Data for analysis:
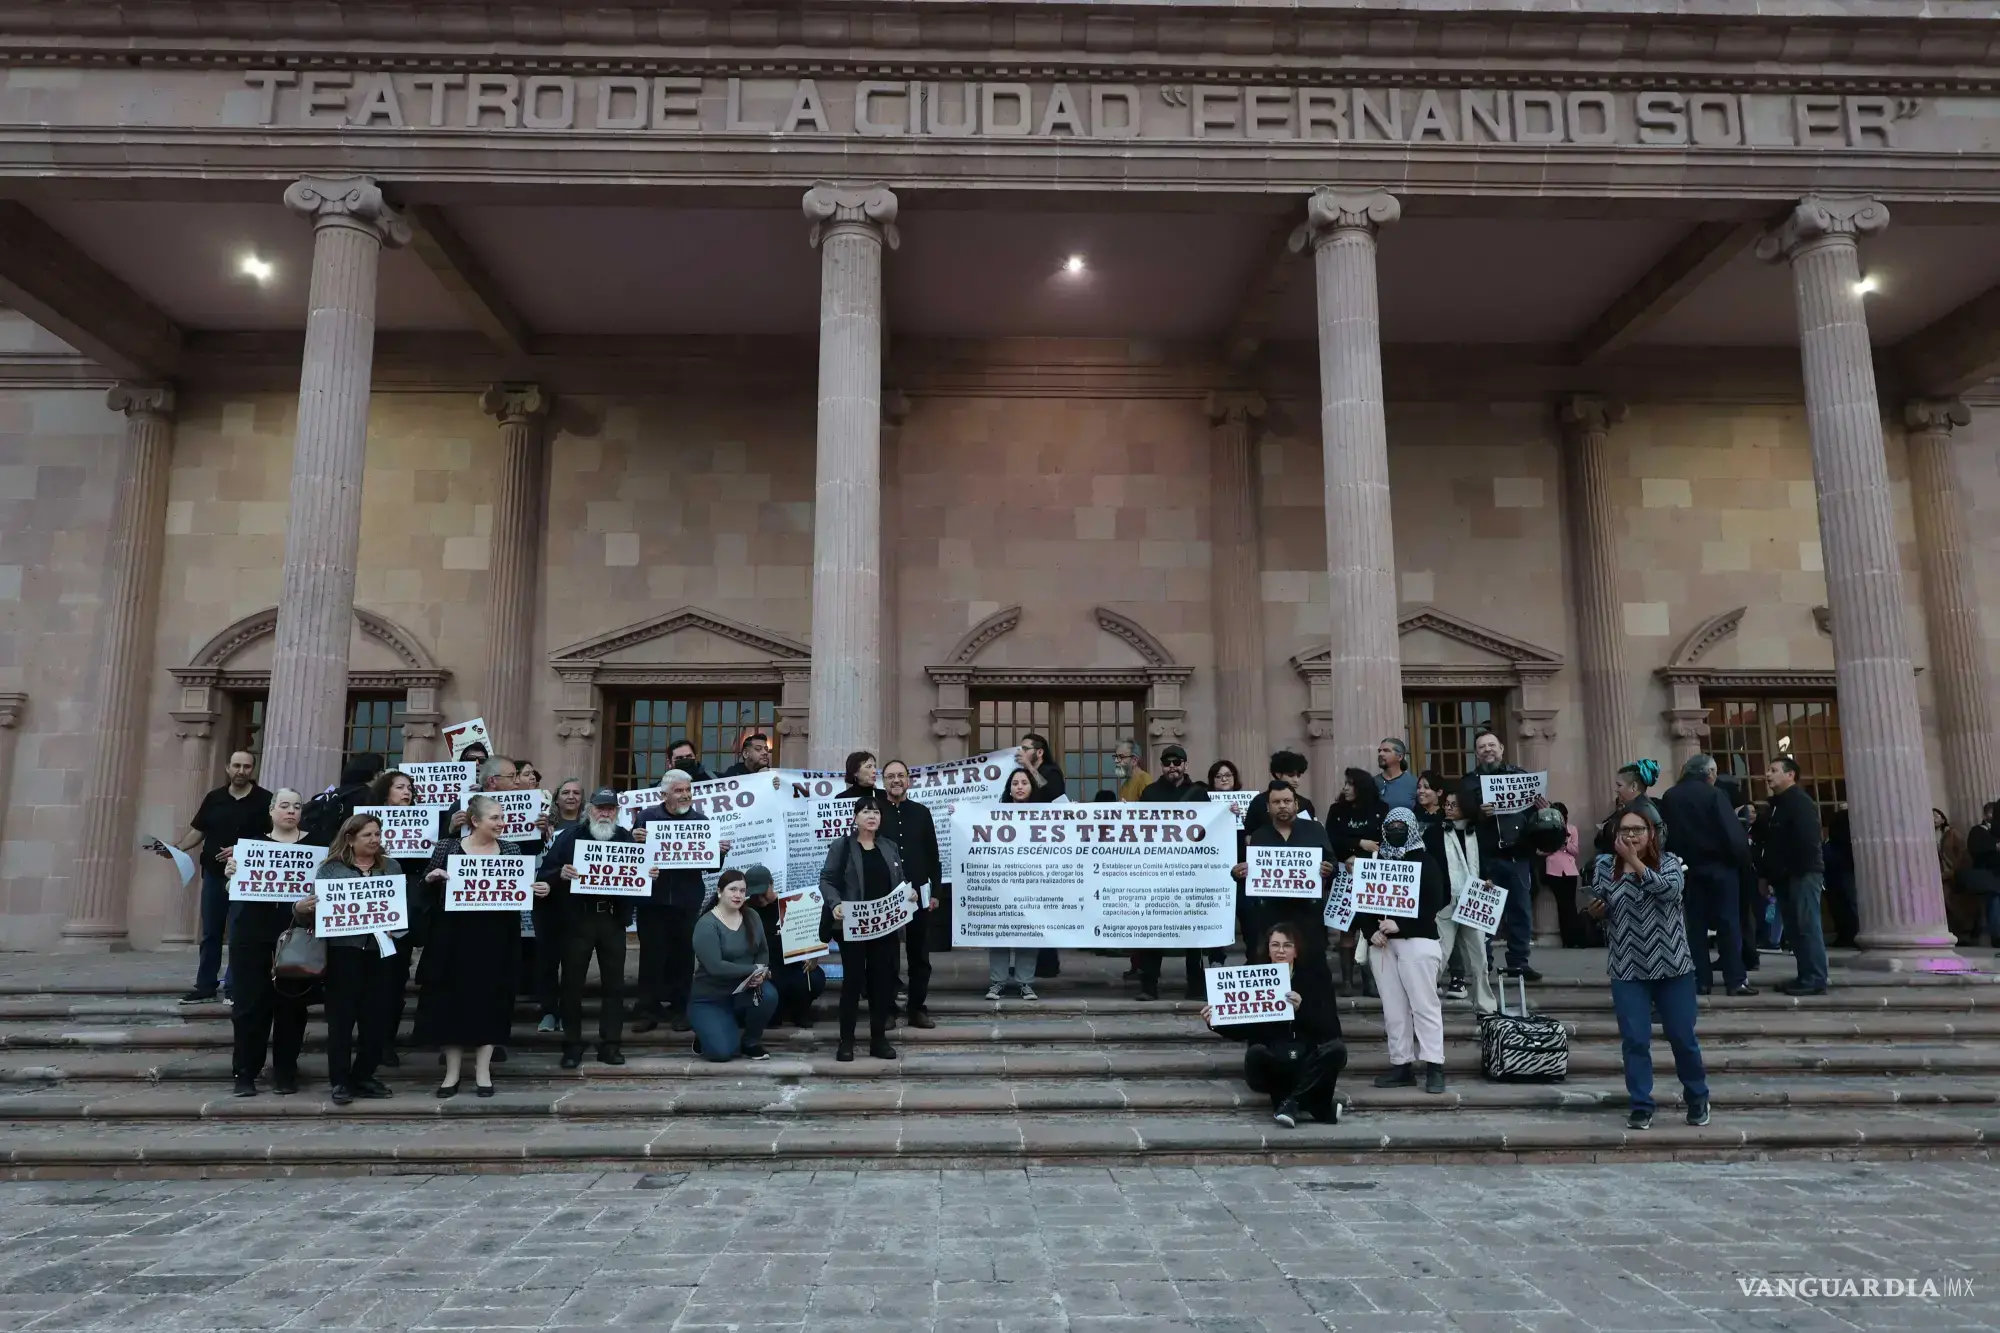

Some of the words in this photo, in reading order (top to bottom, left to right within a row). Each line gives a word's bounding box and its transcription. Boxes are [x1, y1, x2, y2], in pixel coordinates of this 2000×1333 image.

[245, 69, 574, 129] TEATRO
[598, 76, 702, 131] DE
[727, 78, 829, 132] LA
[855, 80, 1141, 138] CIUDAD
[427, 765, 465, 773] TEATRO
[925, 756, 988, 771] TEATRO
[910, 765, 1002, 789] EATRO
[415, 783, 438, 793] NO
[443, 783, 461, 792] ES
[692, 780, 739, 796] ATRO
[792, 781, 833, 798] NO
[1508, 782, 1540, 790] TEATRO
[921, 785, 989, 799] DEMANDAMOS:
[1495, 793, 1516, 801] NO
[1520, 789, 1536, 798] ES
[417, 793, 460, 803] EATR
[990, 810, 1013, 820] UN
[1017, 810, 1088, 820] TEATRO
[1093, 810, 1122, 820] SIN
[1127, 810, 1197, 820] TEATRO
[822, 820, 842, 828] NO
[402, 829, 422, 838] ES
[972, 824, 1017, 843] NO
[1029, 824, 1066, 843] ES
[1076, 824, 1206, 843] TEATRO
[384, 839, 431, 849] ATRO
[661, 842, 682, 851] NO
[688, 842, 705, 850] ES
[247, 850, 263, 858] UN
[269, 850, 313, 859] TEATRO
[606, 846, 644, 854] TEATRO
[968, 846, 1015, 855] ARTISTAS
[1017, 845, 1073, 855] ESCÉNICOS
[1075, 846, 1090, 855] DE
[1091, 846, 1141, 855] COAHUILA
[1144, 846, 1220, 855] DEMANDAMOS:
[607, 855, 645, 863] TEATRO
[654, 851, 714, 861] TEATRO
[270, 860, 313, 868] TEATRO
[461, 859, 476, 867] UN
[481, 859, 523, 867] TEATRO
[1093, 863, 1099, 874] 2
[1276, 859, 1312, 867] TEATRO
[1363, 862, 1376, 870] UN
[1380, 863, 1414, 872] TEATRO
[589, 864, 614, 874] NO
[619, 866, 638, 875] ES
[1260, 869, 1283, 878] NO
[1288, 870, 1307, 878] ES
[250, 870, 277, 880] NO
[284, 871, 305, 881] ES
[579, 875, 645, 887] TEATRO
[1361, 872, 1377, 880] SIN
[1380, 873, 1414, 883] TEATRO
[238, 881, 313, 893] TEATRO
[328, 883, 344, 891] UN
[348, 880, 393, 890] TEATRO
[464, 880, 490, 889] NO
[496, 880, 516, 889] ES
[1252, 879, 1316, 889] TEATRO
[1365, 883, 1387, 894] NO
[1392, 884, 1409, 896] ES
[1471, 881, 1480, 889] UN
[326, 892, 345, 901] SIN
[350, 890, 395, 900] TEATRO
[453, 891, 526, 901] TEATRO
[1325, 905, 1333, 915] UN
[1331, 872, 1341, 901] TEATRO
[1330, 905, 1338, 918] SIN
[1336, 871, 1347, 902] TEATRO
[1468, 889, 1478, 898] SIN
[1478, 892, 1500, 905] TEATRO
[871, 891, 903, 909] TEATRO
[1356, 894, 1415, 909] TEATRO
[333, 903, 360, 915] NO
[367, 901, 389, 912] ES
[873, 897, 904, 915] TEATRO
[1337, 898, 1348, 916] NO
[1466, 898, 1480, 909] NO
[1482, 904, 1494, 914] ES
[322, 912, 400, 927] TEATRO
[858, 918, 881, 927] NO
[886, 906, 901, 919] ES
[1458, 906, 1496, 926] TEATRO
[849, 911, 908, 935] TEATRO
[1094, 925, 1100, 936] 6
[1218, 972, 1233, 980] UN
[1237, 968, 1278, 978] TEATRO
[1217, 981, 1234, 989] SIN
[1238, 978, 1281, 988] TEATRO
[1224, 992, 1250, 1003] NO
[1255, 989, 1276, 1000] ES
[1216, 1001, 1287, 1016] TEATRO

What you have to do: Go over the listing above and copy out each line that includes "DEMANDAMOS".

Response box:
[921, 785, 989, 799] DEMANDAMOS:
[1144, 846, 1220, 855] DEMANDAMOS:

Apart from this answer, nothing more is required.